American Medical Association President Dr. Patrice A. Harris said physicians spend a huge amount of time meeting burdensome documentation requirements which takes time away from patients and contributes to physician burnout and professional dissatisfaction.
“Now it’s time for vendors and payors to take the necessary next steps to align their systems with E/M (evaluation/management) office visit code changes by the time the revisions are deployed on January 1, 2021,” she said. In the coming months, the AMA will undertake an aggressive effort to ensure that EHR providers, coders, payors and other vendors implement simplified coding so physicians no longer labor under undue documentation complexity.”
American Association of Medical Colleges Chief Healthcare Officer Dr. Janis Orlowski said the AAMC is pleased that CMS has finalized changes to how Medicare reimburses physicians for office or outpatient visits.
“We applaud CMS for listening to our concerns over past proposals and retaining separate payment rates for outpatient or office visits based on the complexity of a patient’s condition, rather than implementing a blended payment rate in CY 2021,” Orlowski said. “We also commend CMS for finalizing the proposal to allow physicians to select a visit level and document the care they provide to patients based on either medical decision-making or time. This brings documentation policy in line with current methods of care delivery, including the use of electronic health records and team-based care.”
The changes require offsetting payment reductions to specialists who do not frequently perform office visits, potentially impacting patient access to specialty care, AAMC said.
“Annual payment updates under the PFS (physician fee schedule) would ease the impact of such cuts, however payments are frozen from 2020 through 2025,” Orlowski said. “We urge Congress to pass legislation to replace these payment freezes with positive annual updates, since CMS cannot do so unilaterally.”
Consultant and group purchasing organization Premier said it opposes CMS’ decision to continue Medicare payment policies that the courts have found unlawful.
“While CMS states in the rule that it will follow the court’s directive to repay the 2019 site-neutral payment cuts for clinic visits in grandfathered outpatient departments, CMS then proceeds in continuing the 60 percent site-neutral payment cut in 2020 for those same sites,” said Blair Childs, senior vice president of public affairs for Premier.
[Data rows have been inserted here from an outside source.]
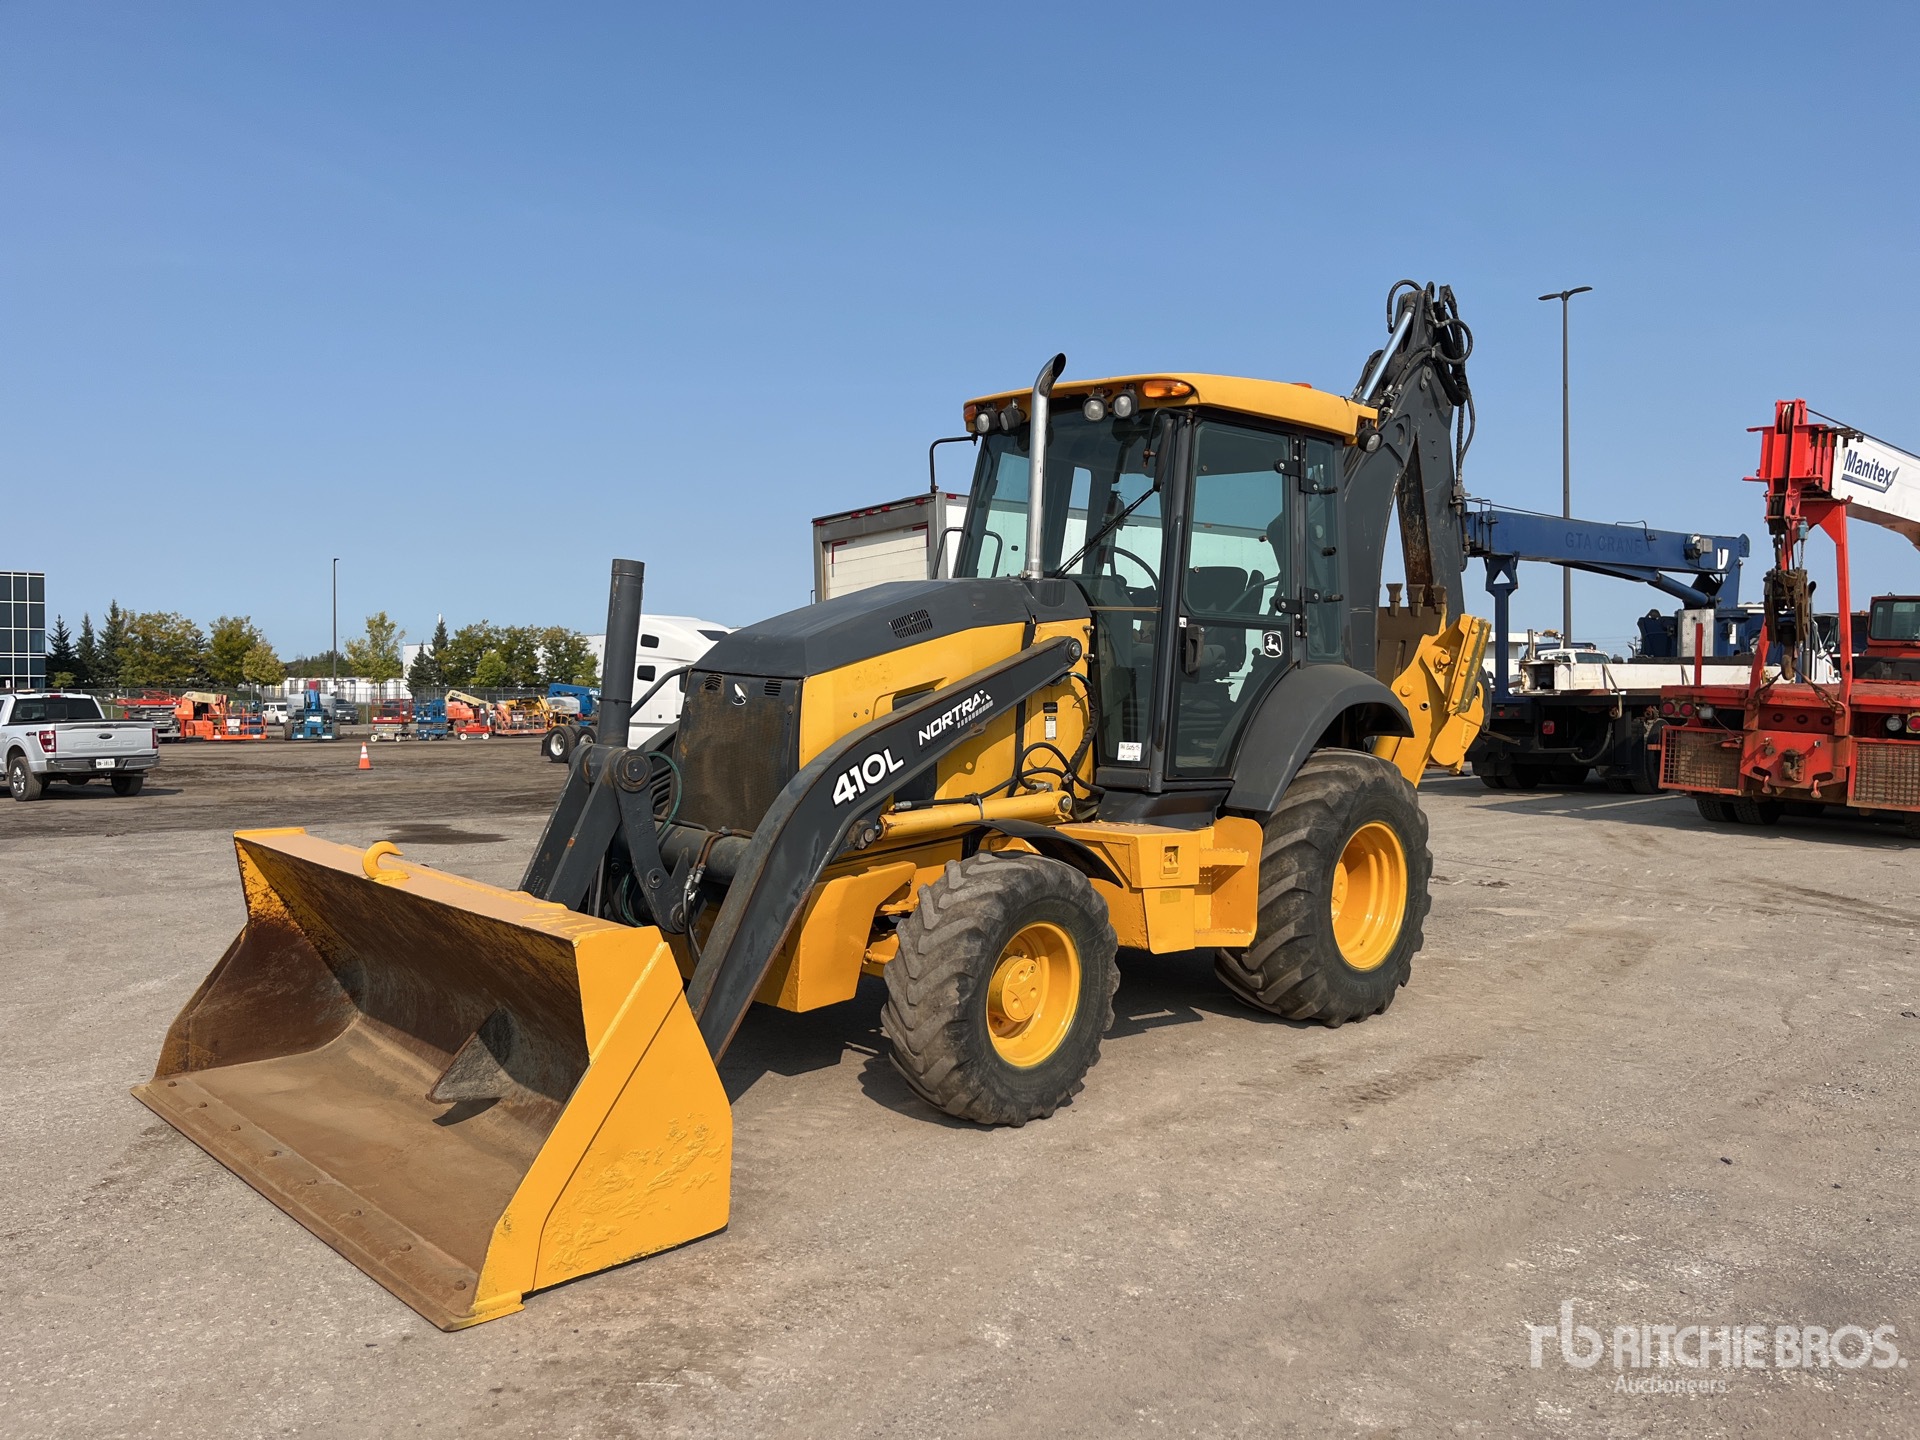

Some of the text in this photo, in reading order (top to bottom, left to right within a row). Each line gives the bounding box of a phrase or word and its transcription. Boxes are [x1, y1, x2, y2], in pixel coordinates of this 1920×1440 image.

[1844, 449, 1892, 485] Manitex
[1565, 531, 1643, 554] GTA CRANE
[918, 689, 992, 747] NORTRAX
[832, 748, 905, 806] 410L
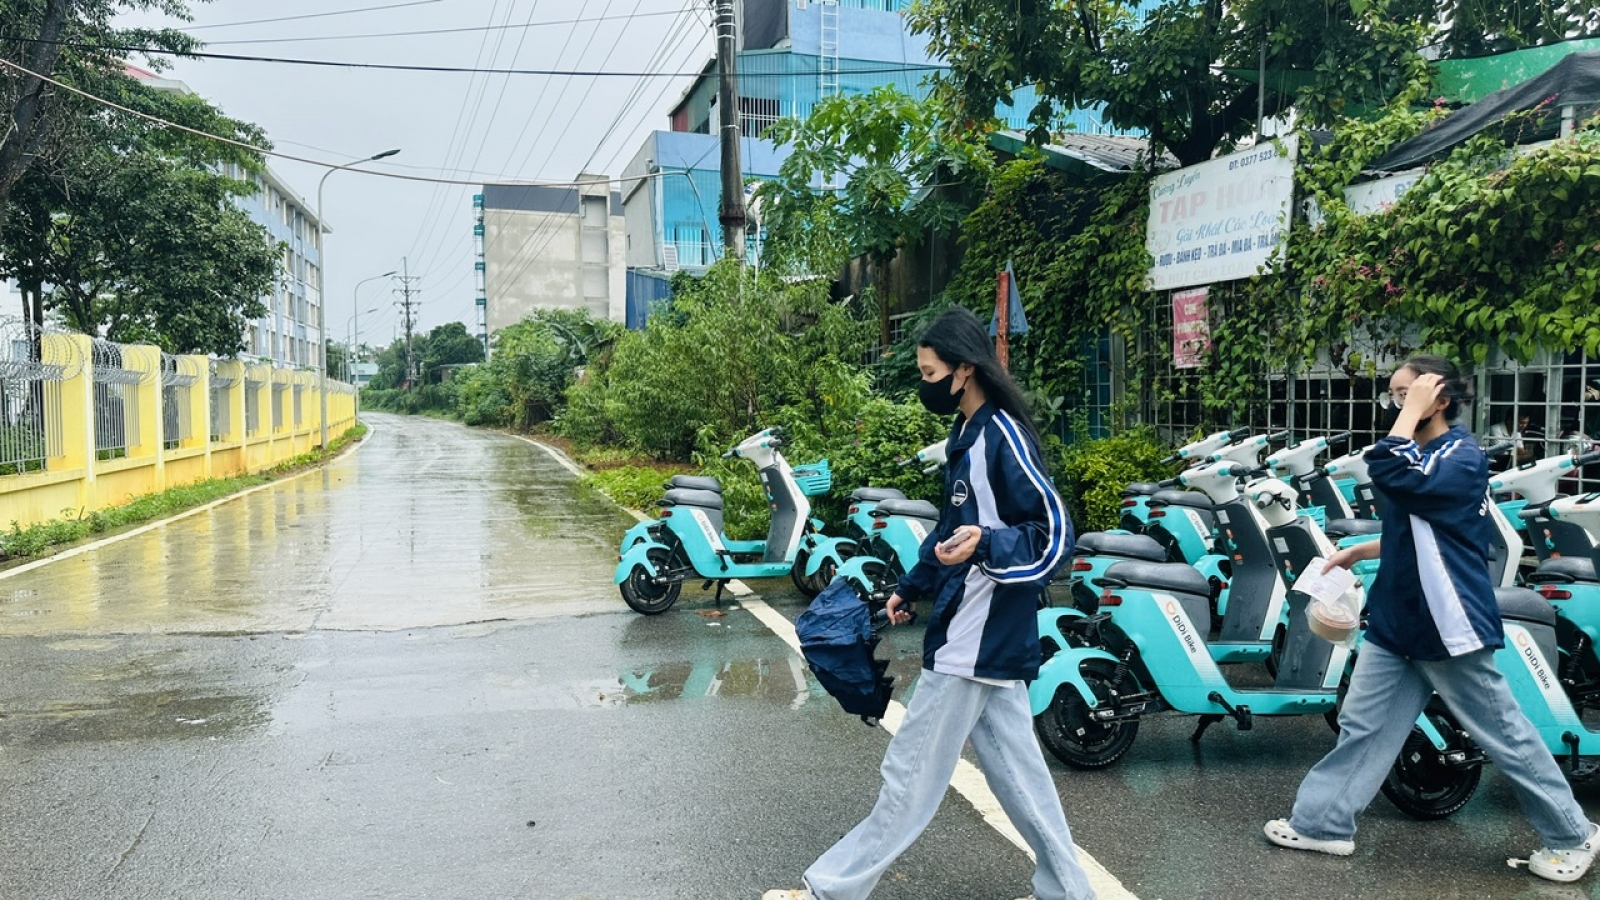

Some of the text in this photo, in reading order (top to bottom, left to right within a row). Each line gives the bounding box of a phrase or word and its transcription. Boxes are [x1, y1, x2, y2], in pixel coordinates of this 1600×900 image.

[1172, 614, 1197, 654] DiDi Bike
[1524, 646, 1551, 690] DiDi Bike
Scott Whitaker, president and CEO of the Advanced Medical Technology Association, said the organization supported the rules that he said would give greater patient access to medical technology innovation.
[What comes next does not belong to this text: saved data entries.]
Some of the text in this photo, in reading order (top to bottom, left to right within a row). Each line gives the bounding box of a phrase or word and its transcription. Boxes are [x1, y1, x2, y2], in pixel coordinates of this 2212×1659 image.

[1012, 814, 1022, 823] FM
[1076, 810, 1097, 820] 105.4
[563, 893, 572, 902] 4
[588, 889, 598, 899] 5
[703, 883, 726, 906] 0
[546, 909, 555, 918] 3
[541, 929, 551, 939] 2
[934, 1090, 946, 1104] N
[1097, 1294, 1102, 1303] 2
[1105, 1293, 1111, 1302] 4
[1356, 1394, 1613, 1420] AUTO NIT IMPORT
“The final rules make it easier for new breakthrough technologies to qualify for outpatient transitional passthrough payments in the outpatient hospital setting and for dialysis facilities to receive new add-on payments when using new innovative equipment and supplies that offer substantial improvements in care,” Whitaker said.
340B Health President and CEO Maureen Testoni said, made the following statement: “A federal court has ruled repeatedly that these cuts are inconsistent with the Medicare statute and must be reversed. A bipartisan majority in both houses of Congress has agreed.”
ON THE RECORD
Health and Human Services Secretary Alex Azar said, “Historic simplifications to billing requirements mean that clinicians will be able to focus on recording the information that’s most important to keeping a patient healthy. As we move toward a system that pays more and more providers for outcomes rather than procedures, we look forward to freeing clinicians from even more of these burdens.”
“Clinician burnout is high because outdated government regulations are diverting their attention from what matters: patient care,” said CMS Administrator Seema Verma. “The Trump Administration’s final rule brings antiquated requirements, which are over 20 years old, up to date with the current practice of medicine and will impact the current and future generation of clinicians.”